Cuando, en un intento por ampliar nuestro ámbito usual de percepciones, nos imaginamos una realidad “trans-temporal” lo primero que nos viene a la mente es un paisaje ideal con resonancias de paraíso, un paisaje lunar o cosas por el estilo. En realidad nunca ampliamos nuestra percepción habitual de “la realidad” sino que más bien fantaseamos con nuestra imaginación espacial. Quizás porque en nuestra cultura y en nuestro momento la vista y el espacio anteceden al oído y el tiempo. Si nos intentamos imaginar una realidad “trans-espacial” nuestra imaginación lo tiene mucho más duro: la superación del tiempo, a las malas, puede llegar a entrar en nuestros esquemas; la superación del espacio es otra cosa. Y sin embargo, tanto espacio como tiempo son modelados por nuestra mente y, consecuentemente, ambos pueden ser susceptibles de ser ampliados en su percepción. Es más, espacio y tiempo están íntimamente relacionados, y no solamente desde el punto de vista puramente físico. Para imaginarnos una realidad trans-espacial y trans-temporal no necesitamos fantasear con nuestra imaginación. Lo único que debemos hacer es tener plena consciencia de esta realidad.
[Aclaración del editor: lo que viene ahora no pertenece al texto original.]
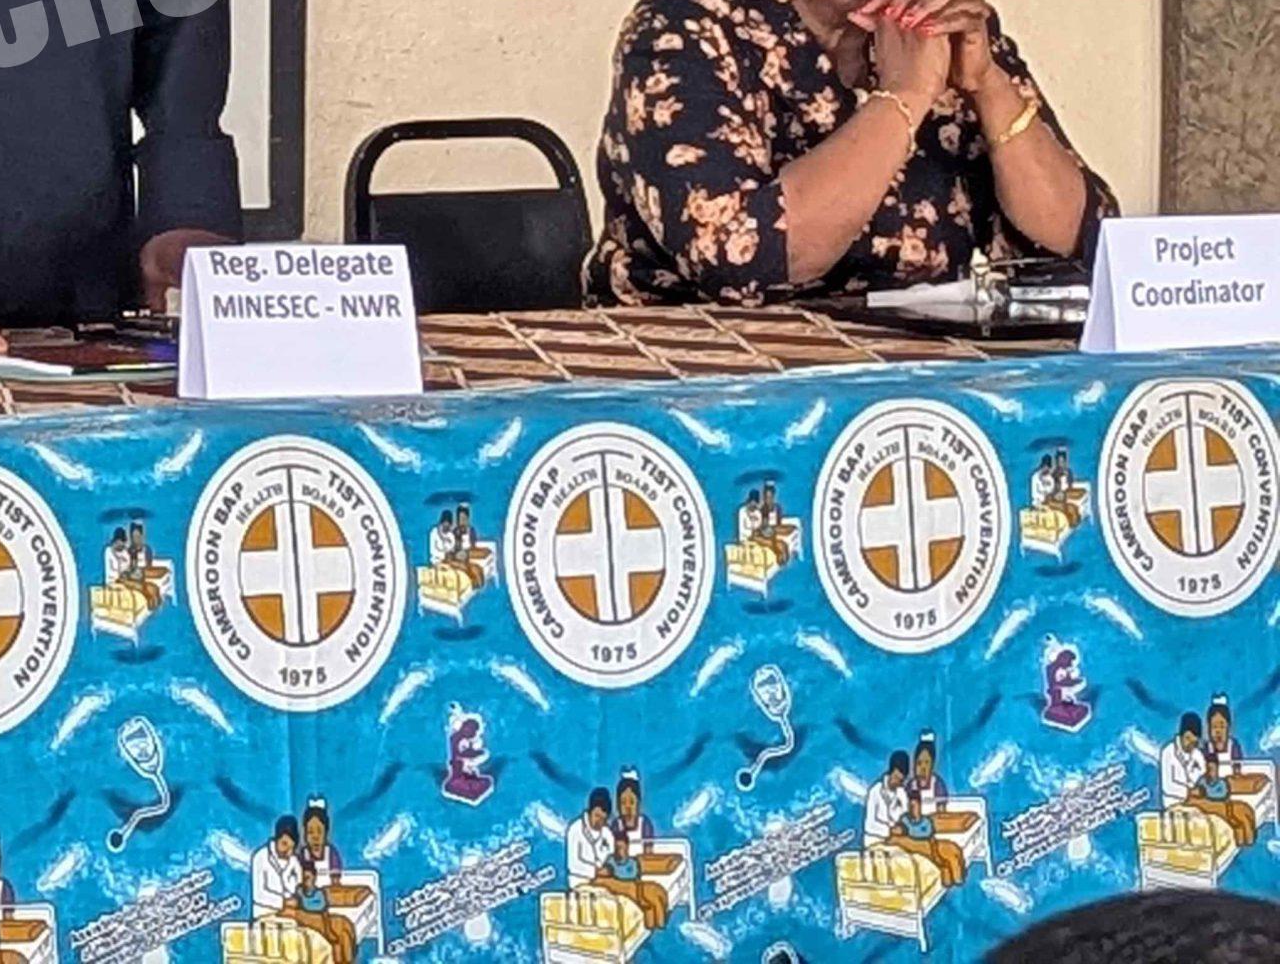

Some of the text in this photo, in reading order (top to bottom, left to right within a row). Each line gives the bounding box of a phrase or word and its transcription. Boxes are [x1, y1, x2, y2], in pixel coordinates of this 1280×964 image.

[209, 248, 393, 282] Reg. Delegate
[1155, 236, 1235, 267] Project
[212, 294, 320, 320] MINESEC
[340, 294, 403, 319] NWR
[1131, 279, 1266, 307] Coordinator
[1115, 394, 1271, 572] CAMEROON BAP TIST CONVENTION
[829, 427, 992, 610] CAMEROON BAP TIST CONVENTION
[523, 455, 695, 639] CAMEROON BAP TIST CONVENTION
[205, 471, 386, 663] CAMEROON BAP TIST CONVENTION
[1177, 573, 1221, 594] 1975
[14, 533, 57, 689] CONVENTION
[894, 611, 936, 630] 1975
[591, 644, 637, 662] 1975
[279, 668, 327, 686] 1975
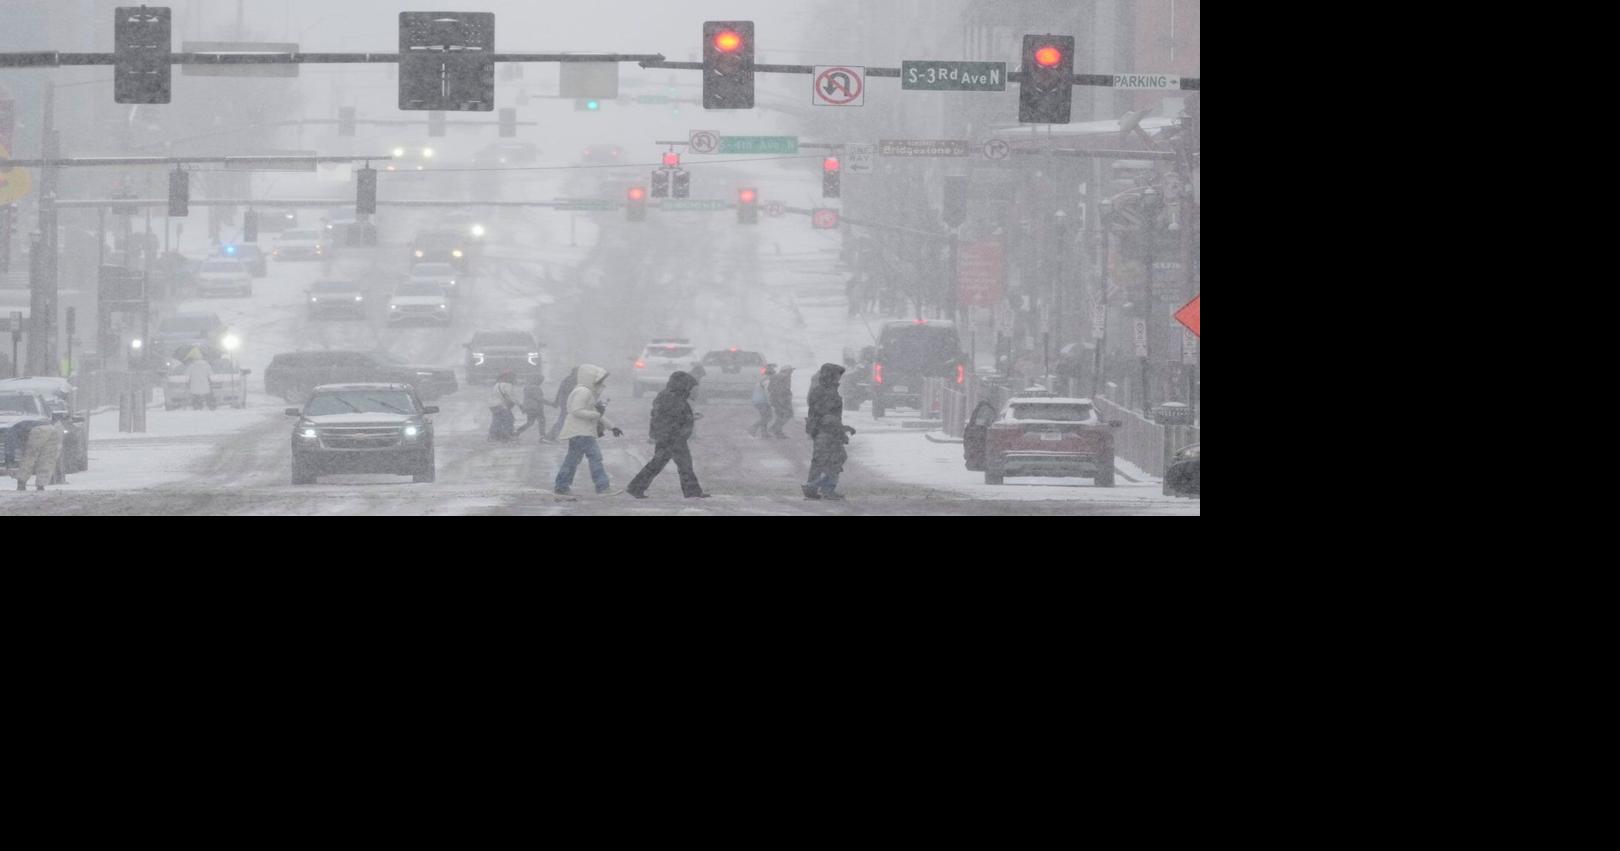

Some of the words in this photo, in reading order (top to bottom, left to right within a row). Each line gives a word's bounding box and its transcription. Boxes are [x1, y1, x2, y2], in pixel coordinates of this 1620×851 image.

[961, 73, 987, 84] Ave
[990, 69, 999, 84] N
[1114, 75, 1167, 88] PARKING
[883, 145, 952, 156] Bridgestone
[849, 154, 870, 162] WAY
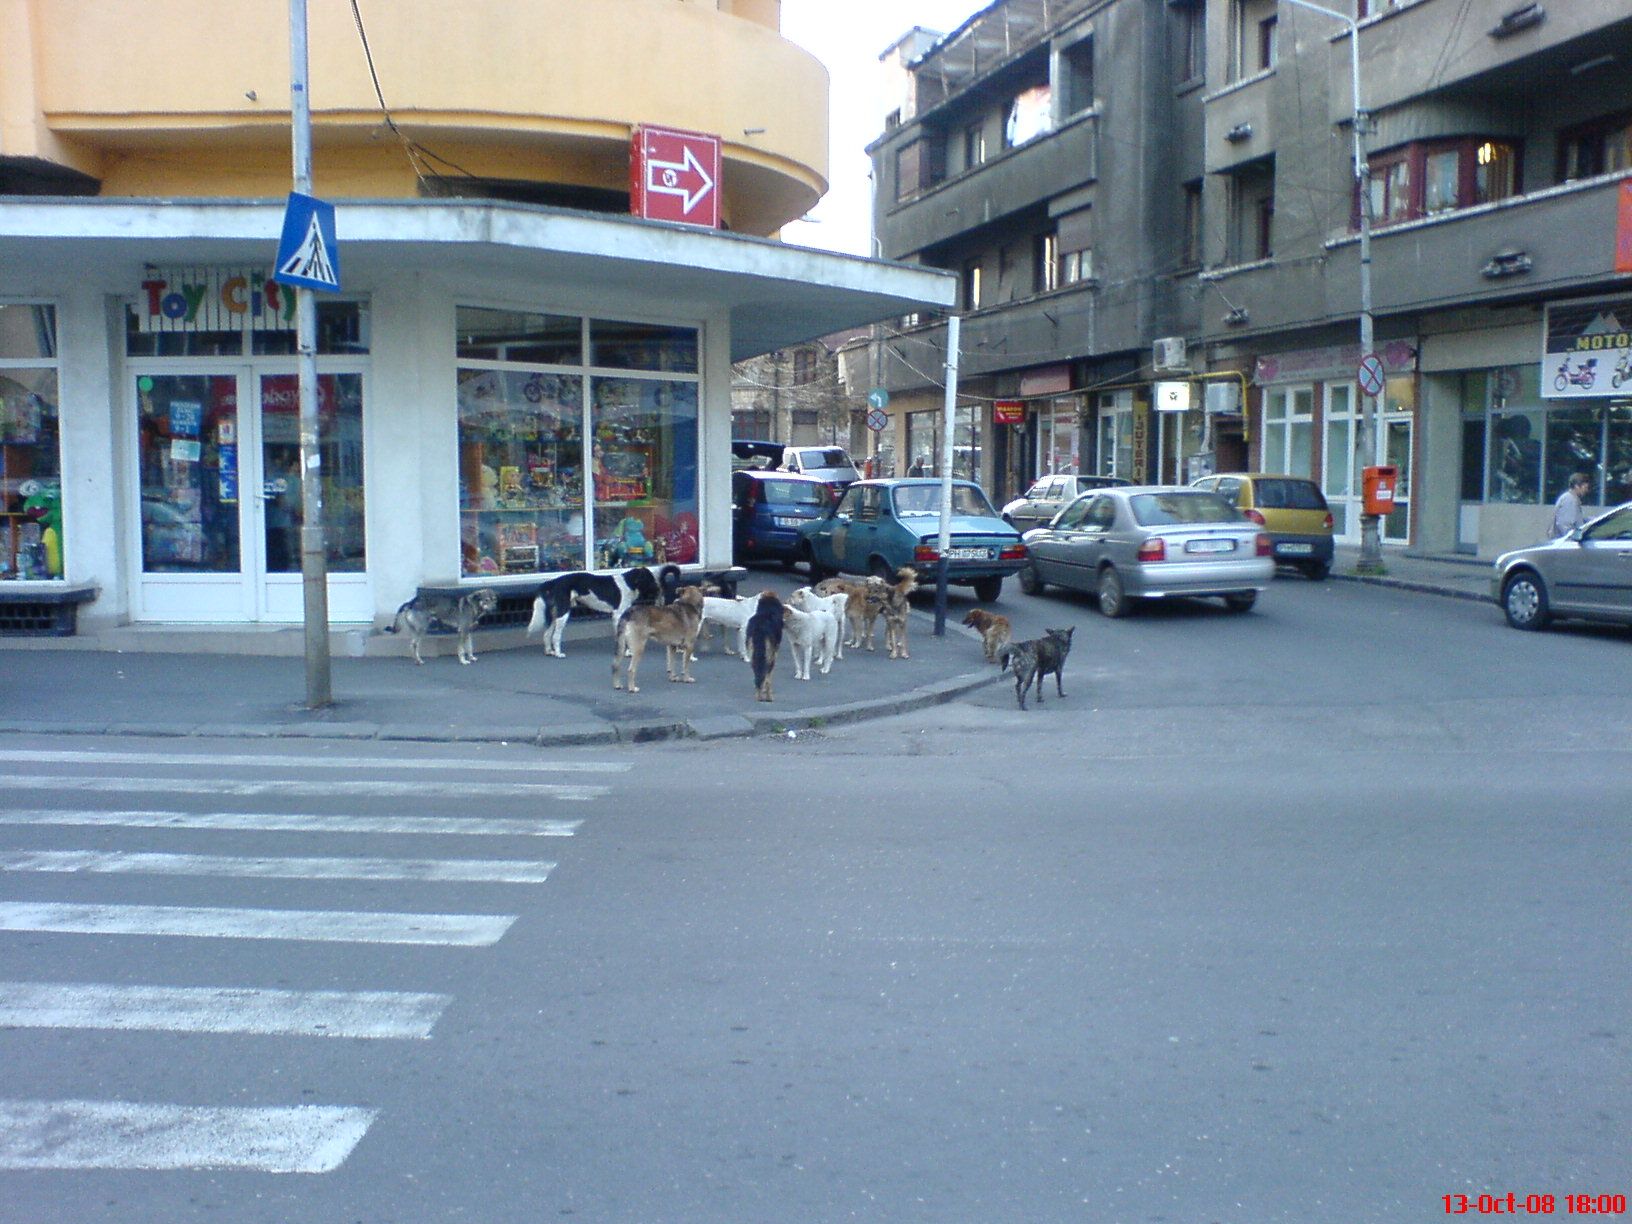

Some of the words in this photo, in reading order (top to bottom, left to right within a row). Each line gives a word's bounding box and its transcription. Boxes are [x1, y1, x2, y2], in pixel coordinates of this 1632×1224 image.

[142, 280, 207, 322] Toy
[221, 271, 297, 321] City
[1576, 333, 1632, 350] MOTO
Los místicos, contrariamente a la idea que vulgarmente se tiene, tienen siempre esta conciencia sin escapar para nada del “aquí y ahora”. Para concluir que la descripción “la Tierra gira alrededor del sol” es más evolucionada que la descripción “el Sol gira alrededor de la Tierra” sin movernos físicamente de la superficie de nuestro planeta no se necesita otra cosa (aparte de los datos correspondientes a los movimientos planetarios) que ampliar el ámbito de nuestra percepción –cosa difícil de lograr, por otra parte, en el momento inicial-.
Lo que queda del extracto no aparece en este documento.